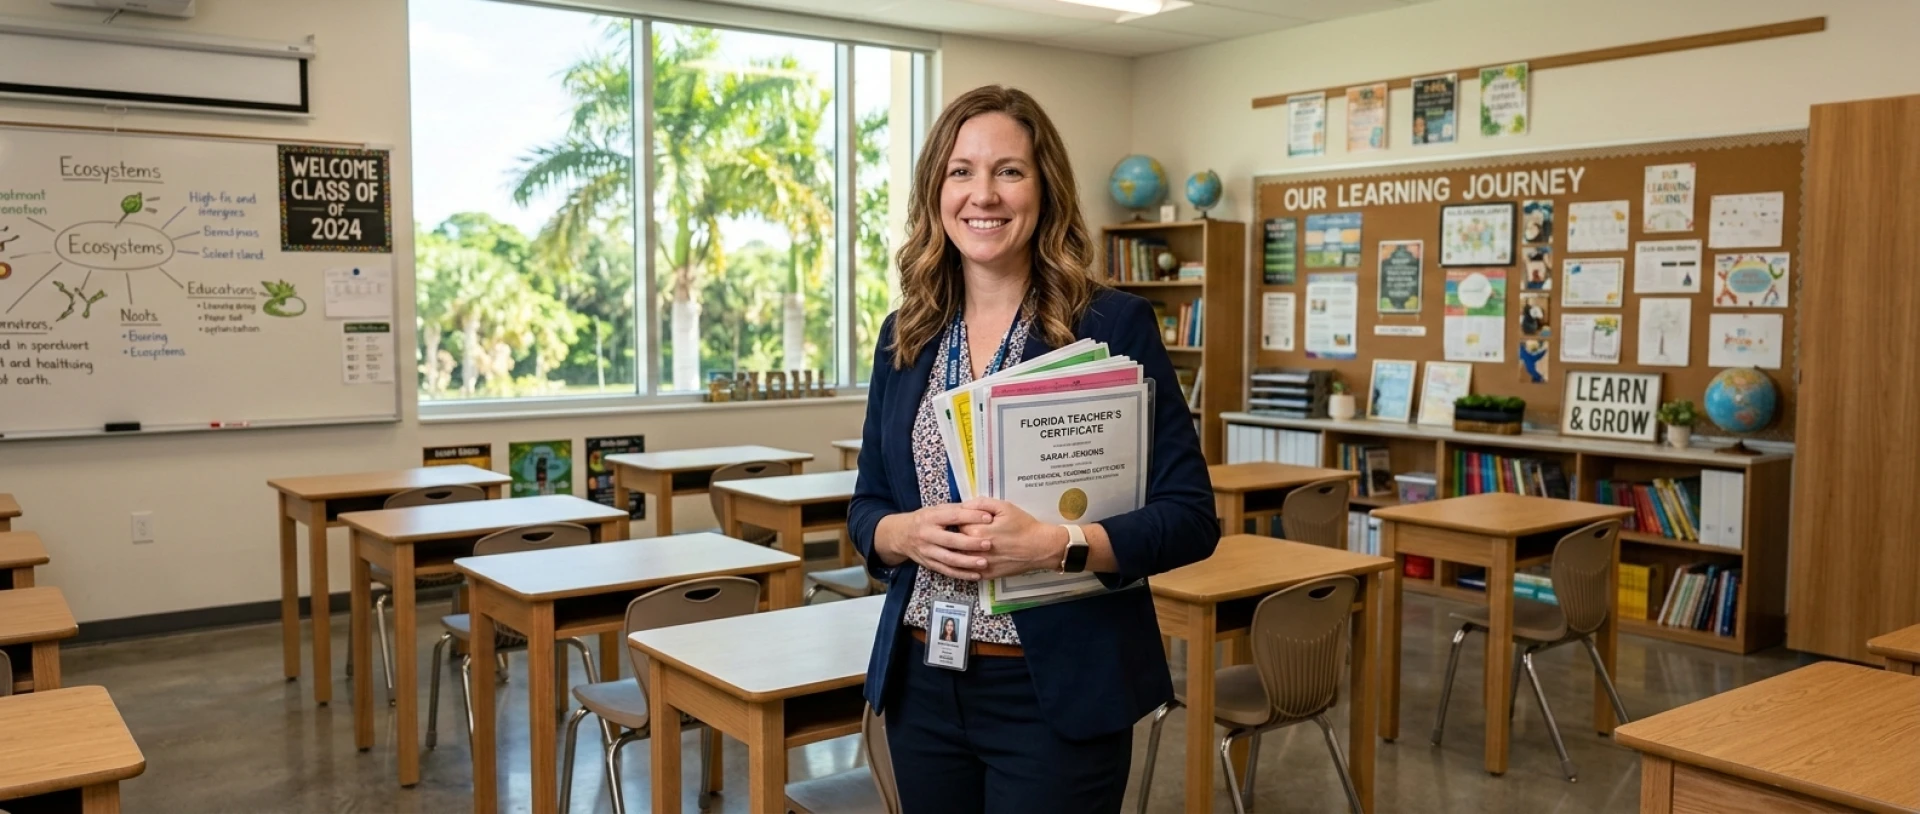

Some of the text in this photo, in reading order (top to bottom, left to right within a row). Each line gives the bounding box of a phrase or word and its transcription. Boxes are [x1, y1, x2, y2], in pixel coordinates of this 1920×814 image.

[60, 155, 161, 184] Ecosystems
[290, 155, 378, 180] WELCOME
[291, 179, 378, 203] CLASS OF
[1284, 167, 1585, 211] OUR LEARNING JOURNEY
[328, 203, 345, 217] OF
[311, 217, 362, 240] 2024
[69, 234, 164, 261] Ecosystems
[1577, 375, 1648, 405] LEARN
[1020, 410, 1122, 428] FLORIDA TEACHER'S
[1040, 424, 1104, 439] CERTIFICATE
[1570, 406, 1650, 435] & GROW
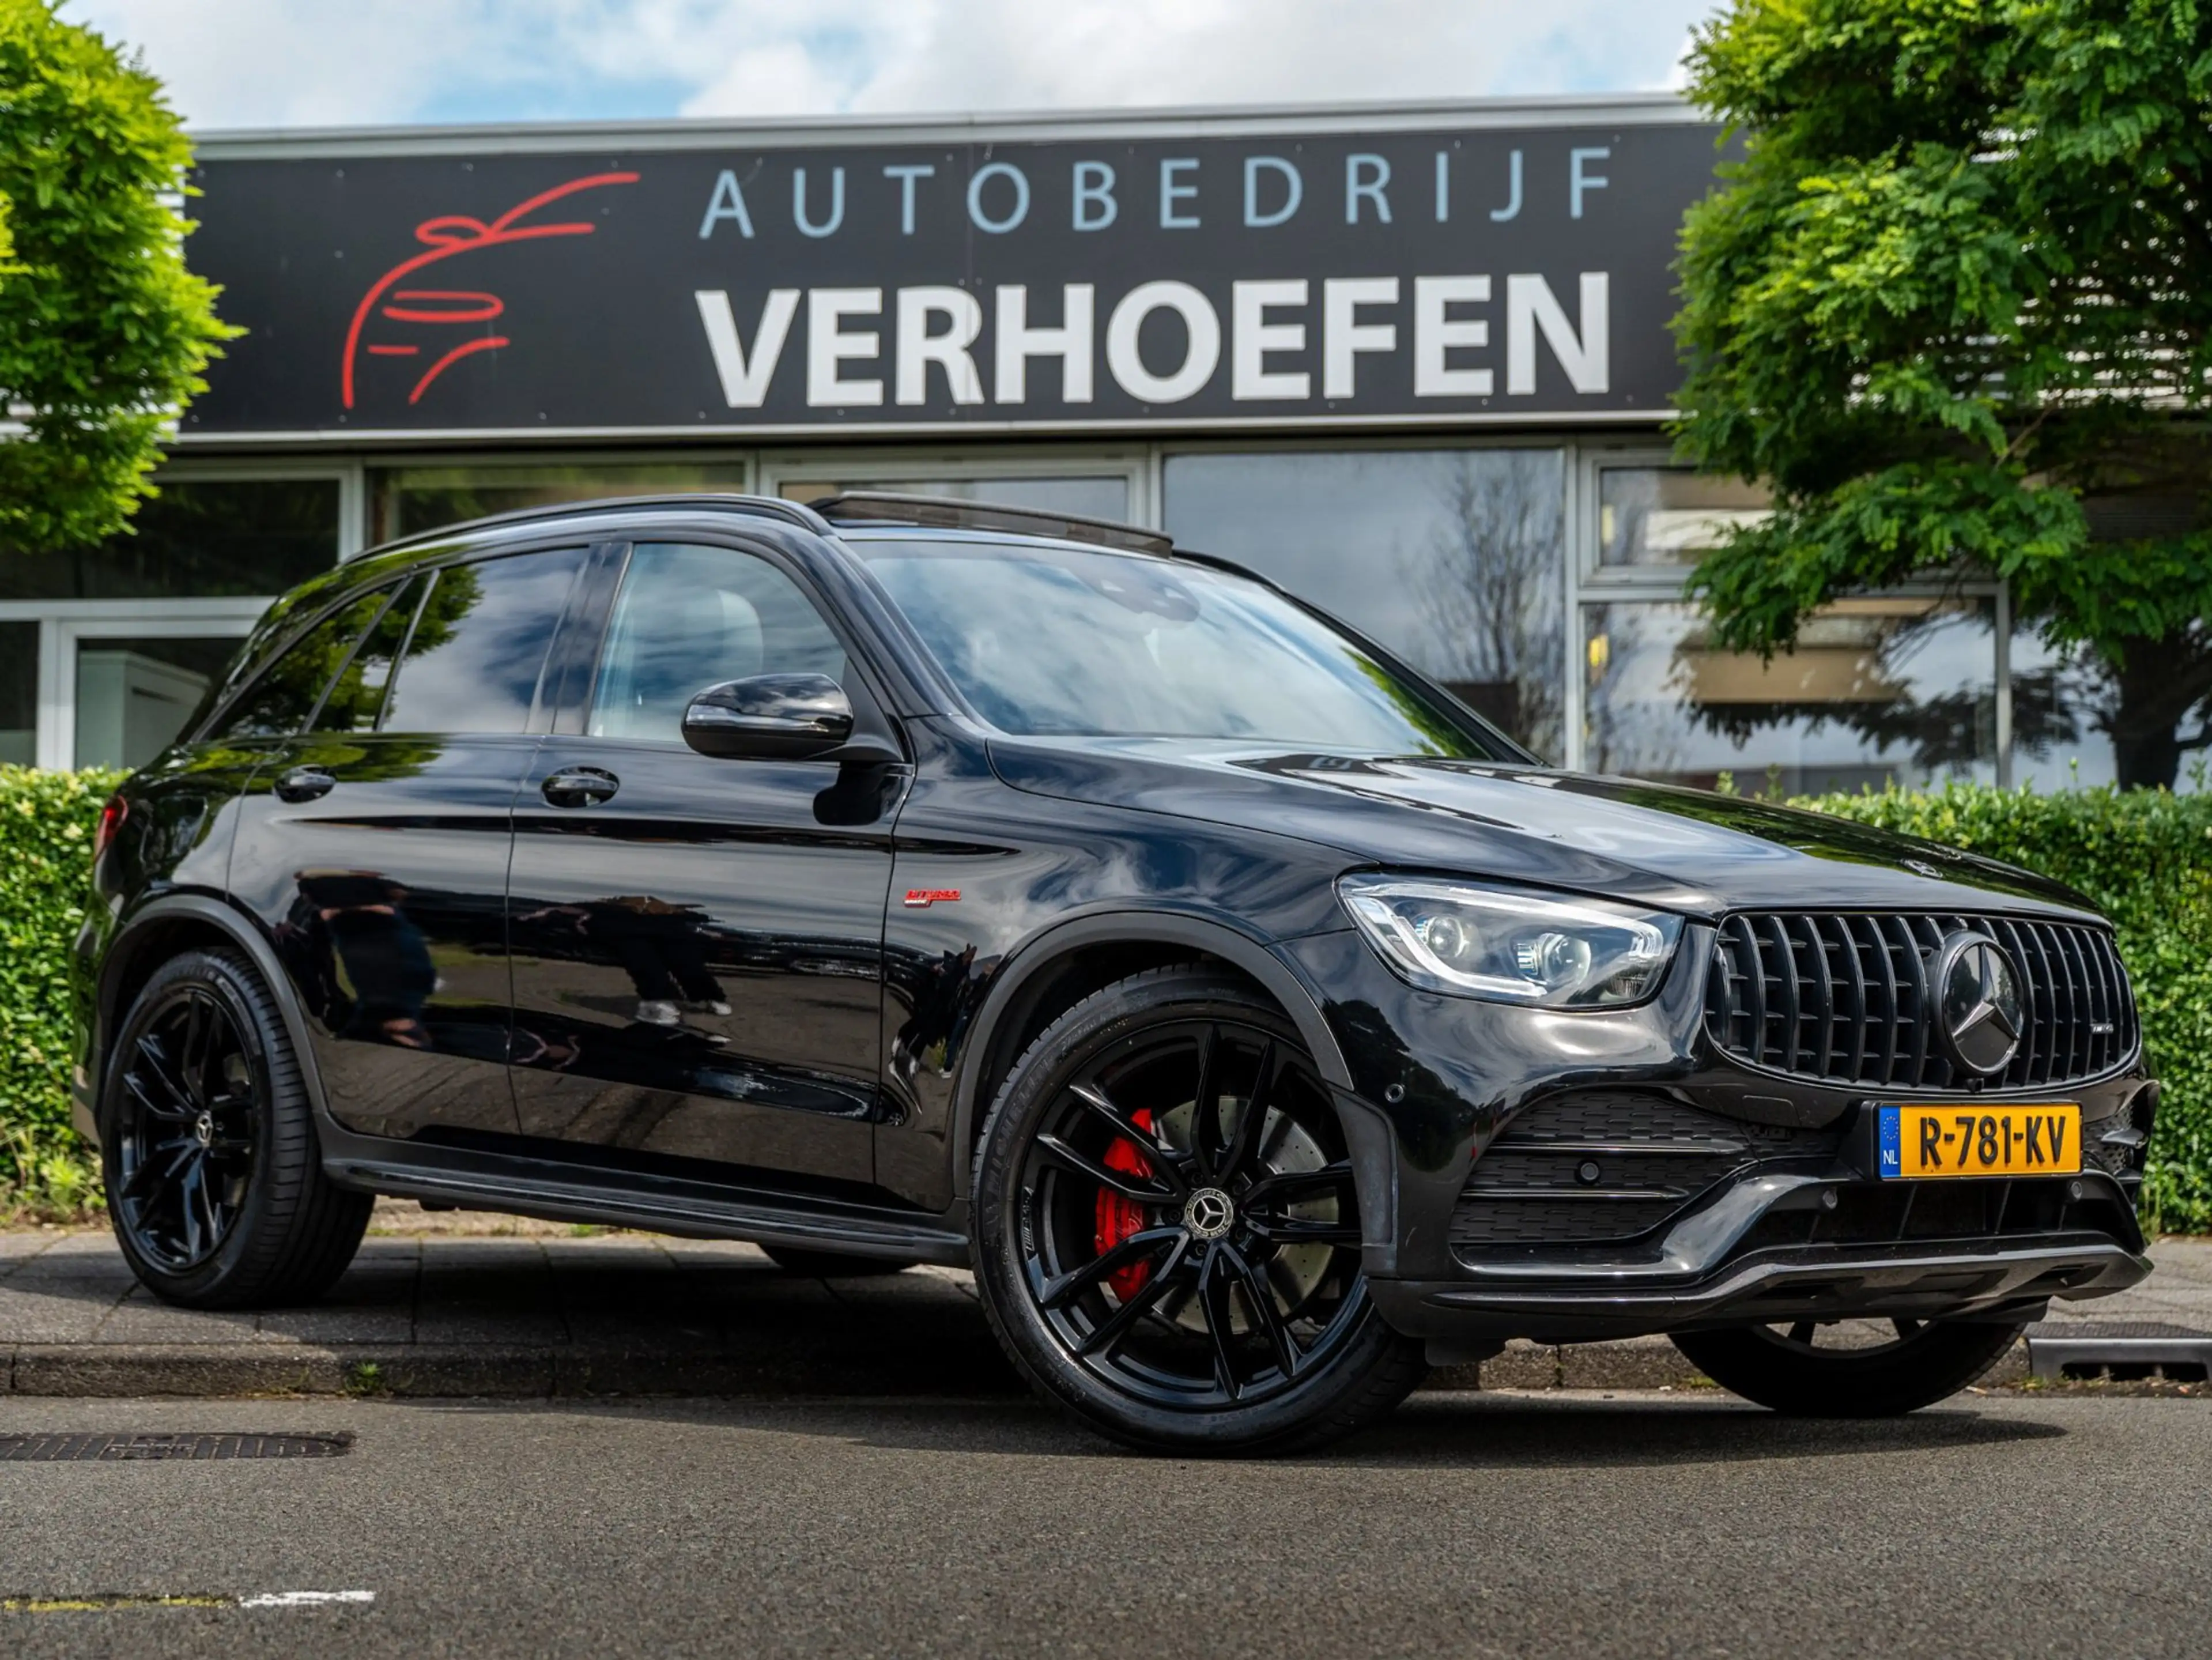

▶ WHAT YOU SHOULD DO
Reprint the entries above exactly, images removed.

▶ OUTPUT OF THE TASK
Some of the text in this photo, in reading order (top to bottom, left to right within a row). Each line gives the bounding box of a phrase or word and its transcription. Boxes are [x1, y1, x2, y2], in pixel coordinates of this 1920×814 image.

[60, 155, 161, 184] Ecosystems
[290, 155, 378, 180] WELCOME
[291, 179, 378, 203] CLASS OF
[1284, 167, 1585, 211] OUR LEARNING JOURNEY
[328, 203, 345, 217] OF
[311, 217, 362, 240] 2024
[69, 234, 164, 261] Ecosystems
[1577, 375, 1648, 405] LEARN
[1020, 410, 1122, 428] FLORIDA TEACHER'S
[1040, 424, 1104, 439] CERTIFICATE
[1570, 406, 1650, 435] & GROW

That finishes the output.